Il Movimento prende tempo su Raggi, il dossier Roma alla nuova leadership
La decisone finale sulla ricandidatura sarà presa dal futuro vertice Stallo nei Dem. Il Pd non sosterrà la Raggi Nozze difficili con Calenda
All’indomani dell’assoluzione di Virginia Raggi nel M5S la questione Roma viene spostata avanti nel tempo, come un sasso che scotta. «Prima di fine febbraio, inizio marzo il percorso per le comunarie non partirà», è la tempistica che filtra dai vertici. Un’informazione che va letta in filigrana, guardando non tanto all’esito del futuro voto online da parte dei pentastellati, considerato scontato, quanto al calendario: significa infatti che la ricandidatura della sindaca non sarà affare del reggente Vito Crimi, ma diventerà uno dei dossier caldissimi che la prossima leadership collegiale del Movimento si troverà a dover affrontare una volta insediata, entro gennaio. Senza dimenticare l’incognita della pandemia: oggi in pochi scommettono sul fatto che si riuscirà ad andare al voto nelle città in primavera e parlare di rinvio in autunno, come avvenuto già quest’anno per le regionali e il referendum sul taglio dei parlamentari, non è più tabù.

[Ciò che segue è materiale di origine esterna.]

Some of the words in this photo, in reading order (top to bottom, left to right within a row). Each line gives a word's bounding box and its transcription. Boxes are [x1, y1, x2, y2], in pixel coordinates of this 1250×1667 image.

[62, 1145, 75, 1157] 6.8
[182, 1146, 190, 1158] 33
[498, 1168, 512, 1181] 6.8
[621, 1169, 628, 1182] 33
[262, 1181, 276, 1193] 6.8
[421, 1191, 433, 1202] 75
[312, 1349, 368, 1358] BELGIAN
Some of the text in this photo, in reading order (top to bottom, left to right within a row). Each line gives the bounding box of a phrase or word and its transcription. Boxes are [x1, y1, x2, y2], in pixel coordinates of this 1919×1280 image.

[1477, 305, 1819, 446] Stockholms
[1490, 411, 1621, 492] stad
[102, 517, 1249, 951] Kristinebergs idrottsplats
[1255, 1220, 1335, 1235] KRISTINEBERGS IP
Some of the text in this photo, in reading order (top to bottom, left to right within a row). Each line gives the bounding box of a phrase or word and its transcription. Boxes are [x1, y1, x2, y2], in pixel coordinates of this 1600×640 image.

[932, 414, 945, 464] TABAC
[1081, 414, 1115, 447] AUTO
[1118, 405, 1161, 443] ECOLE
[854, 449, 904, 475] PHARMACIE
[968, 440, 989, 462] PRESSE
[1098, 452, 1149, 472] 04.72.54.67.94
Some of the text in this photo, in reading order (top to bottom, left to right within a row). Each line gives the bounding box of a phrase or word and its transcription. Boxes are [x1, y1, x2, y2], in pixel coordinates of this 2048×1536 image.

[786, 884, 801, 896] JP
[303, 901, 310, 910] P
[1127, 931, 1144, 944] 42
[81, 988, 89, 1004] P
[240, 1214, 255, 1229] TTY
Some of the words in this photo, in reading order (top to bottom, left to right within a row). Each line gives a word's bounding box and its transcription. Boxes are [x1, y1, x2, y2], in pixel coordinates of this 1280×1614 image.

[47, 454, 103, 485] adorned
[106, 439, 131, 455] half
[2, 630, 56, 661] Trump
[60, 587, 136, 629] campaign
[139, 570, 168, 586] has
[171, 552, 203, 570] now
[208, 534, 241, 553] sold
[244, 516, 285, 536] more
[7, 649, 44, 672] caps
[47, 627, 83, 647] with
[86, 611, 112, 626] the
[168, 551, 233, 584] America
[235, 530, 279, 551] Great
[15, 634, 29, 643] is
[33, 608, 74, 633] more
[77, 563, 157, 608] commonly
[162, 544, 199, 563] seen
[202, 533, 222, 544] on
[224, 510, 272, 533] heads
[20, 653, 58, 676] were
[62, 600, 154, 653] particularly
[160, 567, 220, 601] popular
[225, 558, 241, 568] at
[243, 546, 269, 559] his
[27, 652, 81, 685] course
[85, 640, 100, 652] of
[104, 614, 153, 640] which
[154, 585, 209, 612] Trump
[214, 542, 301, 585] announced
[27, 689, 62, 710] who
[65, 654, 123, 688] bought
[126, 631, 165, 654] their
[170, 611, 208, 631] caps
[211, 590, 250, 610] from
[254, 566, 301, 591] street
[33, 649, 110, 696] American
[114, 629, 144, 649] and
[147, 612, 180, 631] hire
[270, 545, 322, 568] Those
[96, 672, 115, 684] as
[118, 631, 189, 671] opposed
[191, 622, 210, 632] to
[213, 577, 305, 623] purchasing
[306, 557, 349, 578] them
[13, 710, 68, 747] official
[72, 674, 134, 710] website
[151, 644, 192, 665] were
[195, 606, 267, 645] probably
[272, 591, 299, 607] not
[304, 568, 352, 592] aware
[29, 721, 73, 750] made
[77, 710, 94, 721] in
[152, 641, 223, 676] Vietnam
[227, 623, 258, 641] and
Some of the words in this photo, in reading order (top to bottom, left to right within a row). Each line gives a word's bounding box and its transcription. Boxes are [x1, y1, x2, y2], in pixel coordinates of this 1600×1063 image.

La partita si inserirà dunque in un puzzle molto complesso, che riguarda il destino stesso del Governo e dell’alleanza con il Pd di Nicola Zingaretti. «La nuova guida Cinque Stelle avallerà la corsa bis di Raggi?», è il quesito tutto politico da sciogliere. Che la prima cittadina non abbia intenzione di desistere e che sia convinta di arrivare al ballottaggio con il candidato che sceglierà il centrodestra è assodato. Nasce anche da qui la sua reazione, sabato scorso, alla sentenza della Corte d’appello che la ha assolta dall’accusa di falso in relazione alla nomina di Renato Marra, fratello dell’ex fedelissimo Raffaele, a capo del Dipartimento turismo del Campidoglio. Lo sfogo nei confronti del suo partito, che Raggi ha accusato di averle inflitto «quattro lunghi anni di solitudine politica», nasconde un sottotesto chiaro: il verdetto è stato la sua rivincita nei confronti dei nemici interni sospettati di augurarsi che venisse condannata per tagliare le gambe alla sua ricandidatura. Sospetti che tutti, da Crimi a Luigi Di Maio, si sono affrettati a fugare esprimendo pieno sostegno alla sindaca e soddisfazione per la decisione dei giudici.
Ma è altrettanto chiaro che a questo punto la trattativa con i dem sulle città al voto nella primavera 2021 parte zoppa. Perché da Largo del Nazareno escludono cedimenti: il Pd non sosterrà Raggi, come ha subito voluto precisare Zingaretti («Dalla sindaca mi dividono molte cose: visioni politiche e temi amministrativi. Ma è addirittura ovvio dire che il confronto o la battaglia politica nulla deve avere a che fare con le vicende giudiziarie»). Le nozze con l’ex ministro Carlo Calenda appaiono però altrettanto complicate. I dem non hanno certo gradito l’ironia del leader di Azione sulle parole di Zingaretti per il rilancio del Paese né apprezzano la sua ostilità alle primarie. Il tavolo di coalizione “largo” e un programma condiviso restano per loro la via maestra. Ma lo stallo è evidente, così come l’assenza di un nome di peso da contrapporre a Calenda, che ha già fatto sapere di non poter aspettare il Pd ancora a lungo.
All’impasse si aggiungono le bordate dei renziani. Davanti alle indiscrezioni sui piani di Dario Franceschini e dello stesso Zingaretti per correre insieme al M5S in caso di elezioni politiche (indiscrezioni lette nei palazzi più come avvertimento a Matteo Renzi che non come un’ipotesi concretamente percorribile) il deputato di Italia Viva Luciano Nobili ha ironizzato usando proprio la carta Roma: «Buffa l’idea di alleanza elettorale fra Pd e Cinque Stelle rilanciata oggi da Franceschini, con Conte candidato premier. Ho solo una domanda: sul sindaco di Roma, quindi, che fanno? Candidano la Raggi? Auguri, noi no».
Tutto in attesa di capire le mosse del centrodestra. Silvio Berlusconi ieri ha rilanciato la proposta di candidare l’ex capo della Protezione civile Guido Bertolaso e il senatore di Forza Italia Francesco Giro si è detto certo che sia «in grado di chiudere la partita fin dal primo turno». Ma Lega e Fdi restano scettici. E Raggi, alla fine, potrebbe far leva proprio sulle divisioni degli altri per puntellare la sua corsa.